§ **Records supplied**

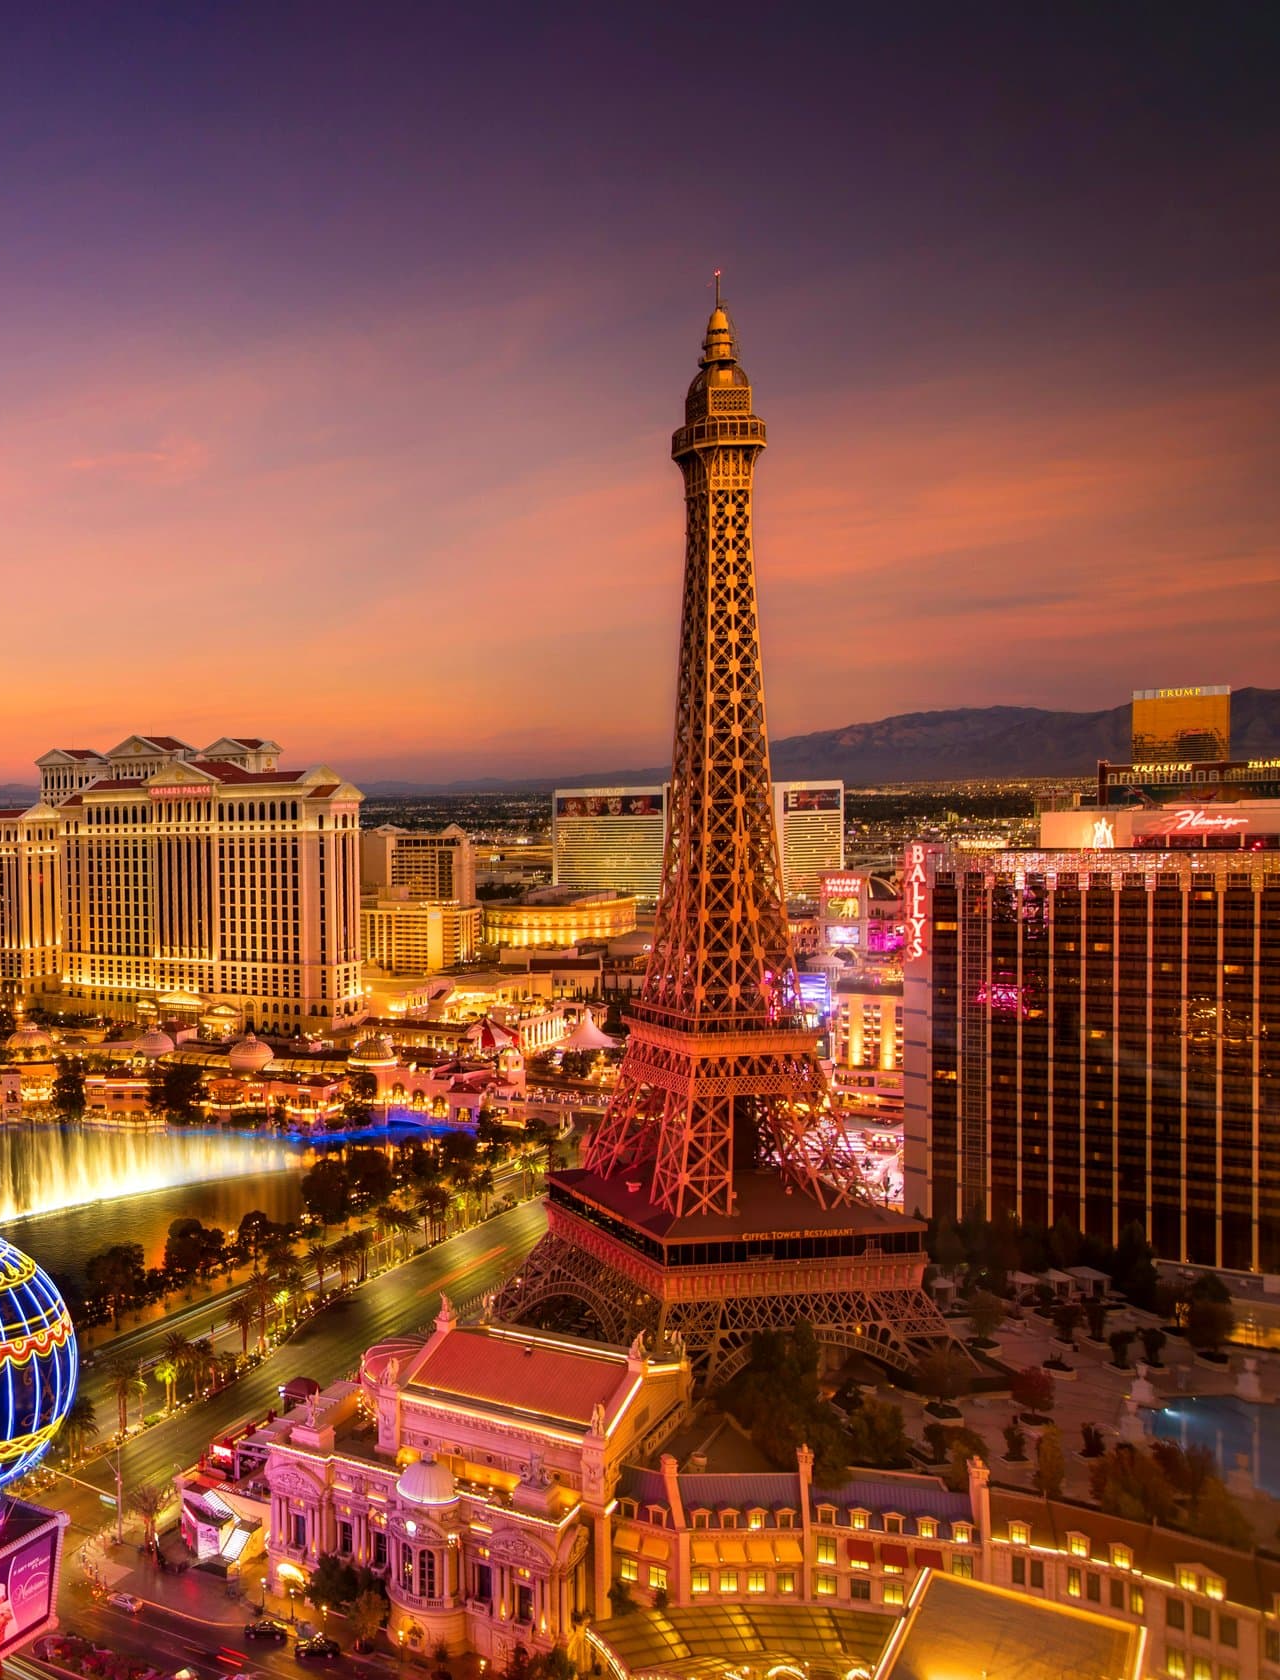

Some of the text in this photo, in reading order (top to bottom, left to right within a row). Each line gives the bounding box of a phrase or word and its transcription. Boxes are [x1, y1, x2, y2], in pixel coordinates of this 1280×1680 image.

[1160, 687, 1201, 697] TRUMP
[1132, 763, 1193, 773] TREASURE
[1174, 809, 1249, 830] Flamingo
[827, 885, 860, 893] PALACE
[742, 1227, 855, 1241] EIFFEL TOWER RESTAURANT
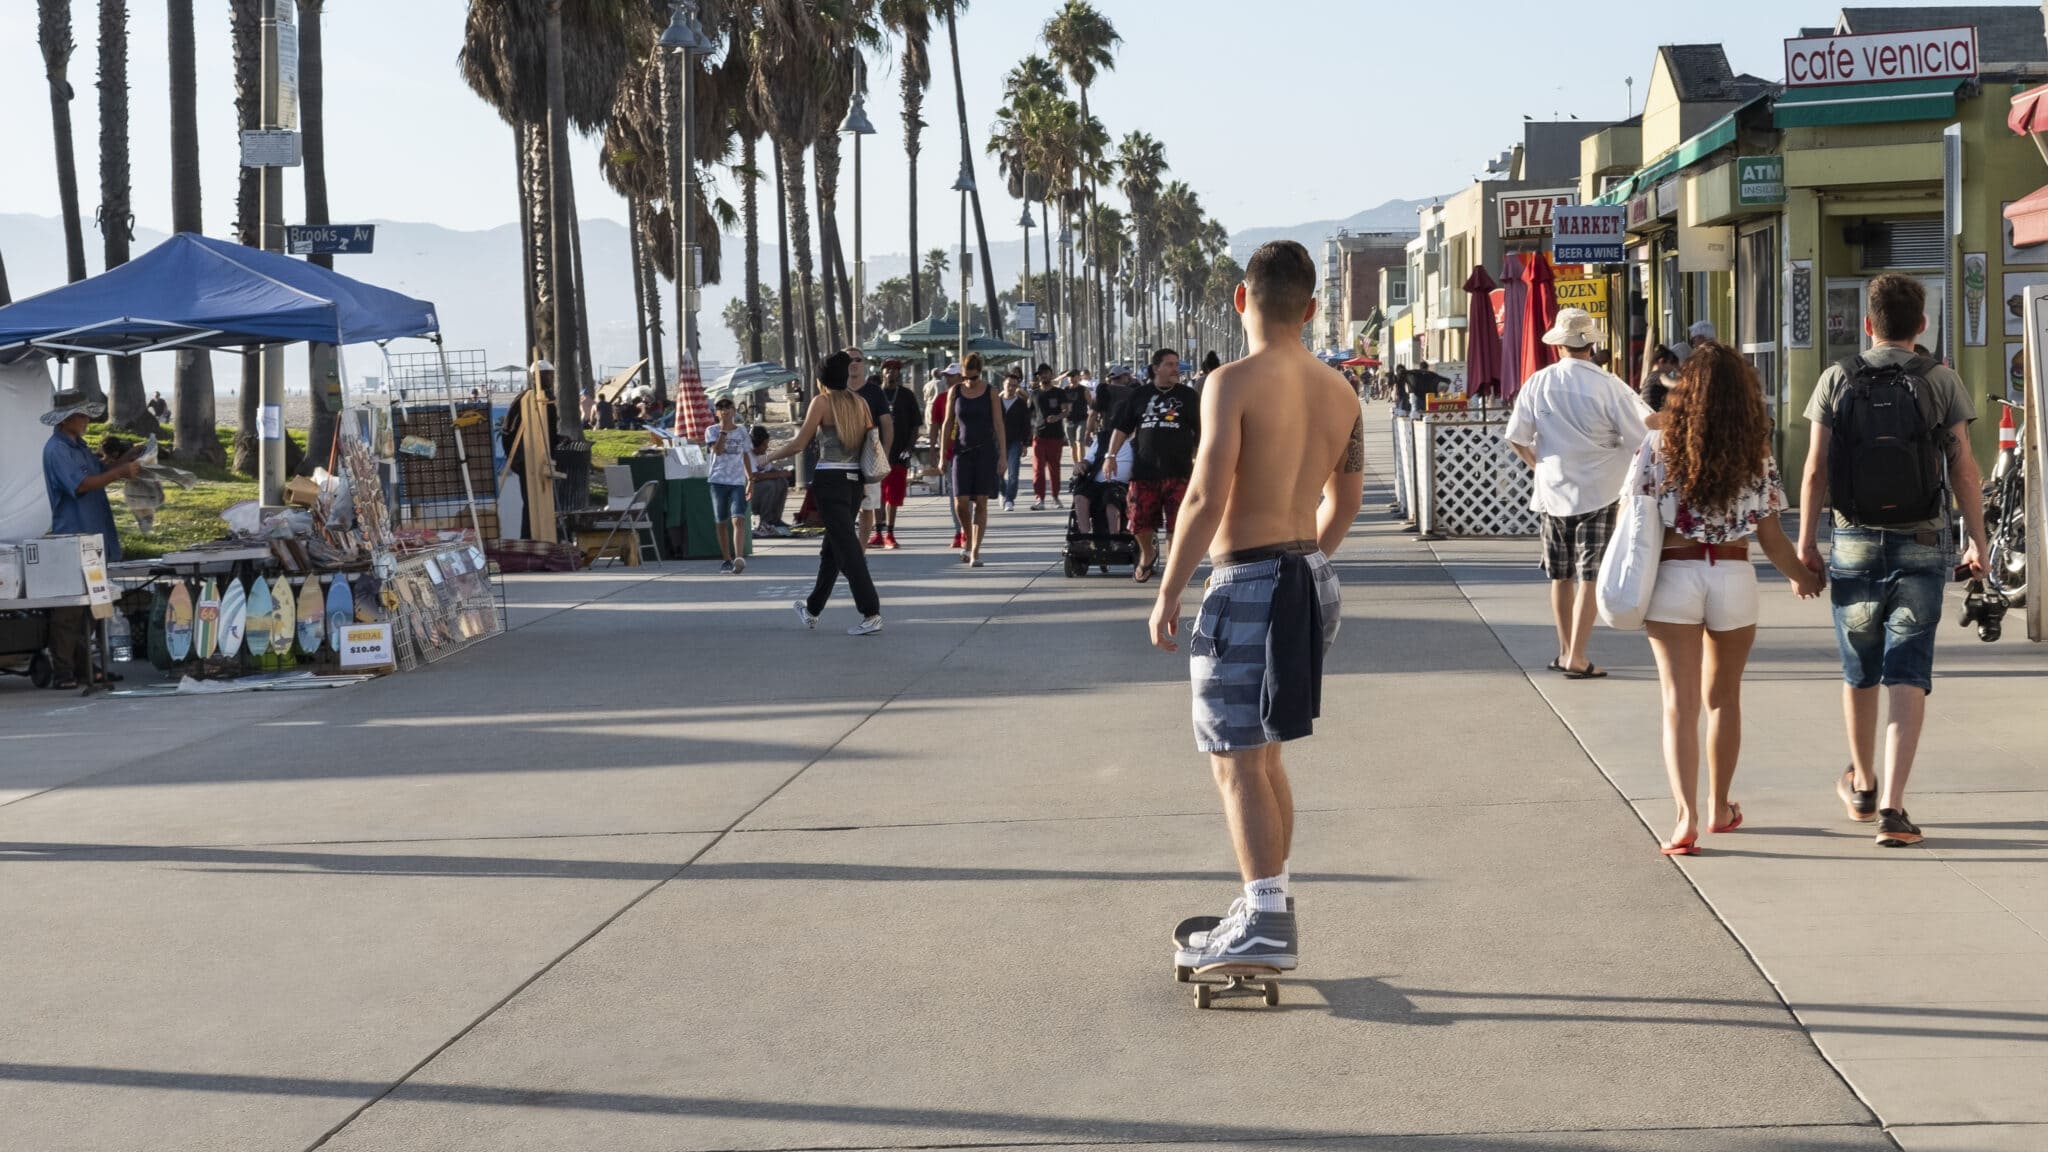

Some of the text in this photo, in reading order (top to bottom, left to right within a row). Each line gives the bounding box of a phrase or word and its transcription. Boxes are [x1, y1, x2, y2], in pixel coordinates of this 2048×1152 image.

[1791, 40, 1971, 82] cafe venicia
[1743, 165, 1782, 181] ATM
[1744, 184, 1783, 195] INSIDE
[1505, 197, 1568, 227] PIZZ
[1558, 216, 1620, 234] MARKET
[291, 227, 369, 241] Brooks Av
[1559, 247, 1620, 259] BEER & WINE
[1556, 283, 1597, 299] OZEN
[201, 608, 216, 620] 66
[350, 645, 381, 654] $10.00

§ **Exercise directions**
Print all entries exactly, without images.

§ **Finished task**
Some of the text in this photo, in reading order (top to bottom, left to right within a row). Each line gives the bounding box of a phrase or word and its transcription. Boxes are [x1, y1, x2, y2], in pixel coordinates of this 1280×1680 image.

[1160, 687, 1201, 697] TRUMP
[1132, 763, 1193, 773] TREASURE
[1174, 809, 1249, 830] Flamingo
[827, 885, 860, 893] PALACE
[742, 1227, 855, 1241] EIFFEL TOWER RESTAURANT

Some of the text in this photo, in reading order (top to bottom, left to right within a row). Each line gives the bounding box of a phrase or word and its transcription. Boxes are [x1, y1, x2, y2], in pixel coordinates of this 2048×1152 image.

[1791, 40, 1971, 82] cafe venicia
[1743, 165, 1782, 181] ATM
[1744, 184, 1783, 195] INSIDE
[1505, 197, 1568, 227] PIZZ
[1558, 216, 1620, 234] MARKET
[291, 227, 369, 241] Brooks Av
[1559, 247, 1620, 259] BEER & WINE
[1556, 283, 1597, 299] OZEN
[201, 608, 216, 620] 66
[350, 645, 381, 654] $10.00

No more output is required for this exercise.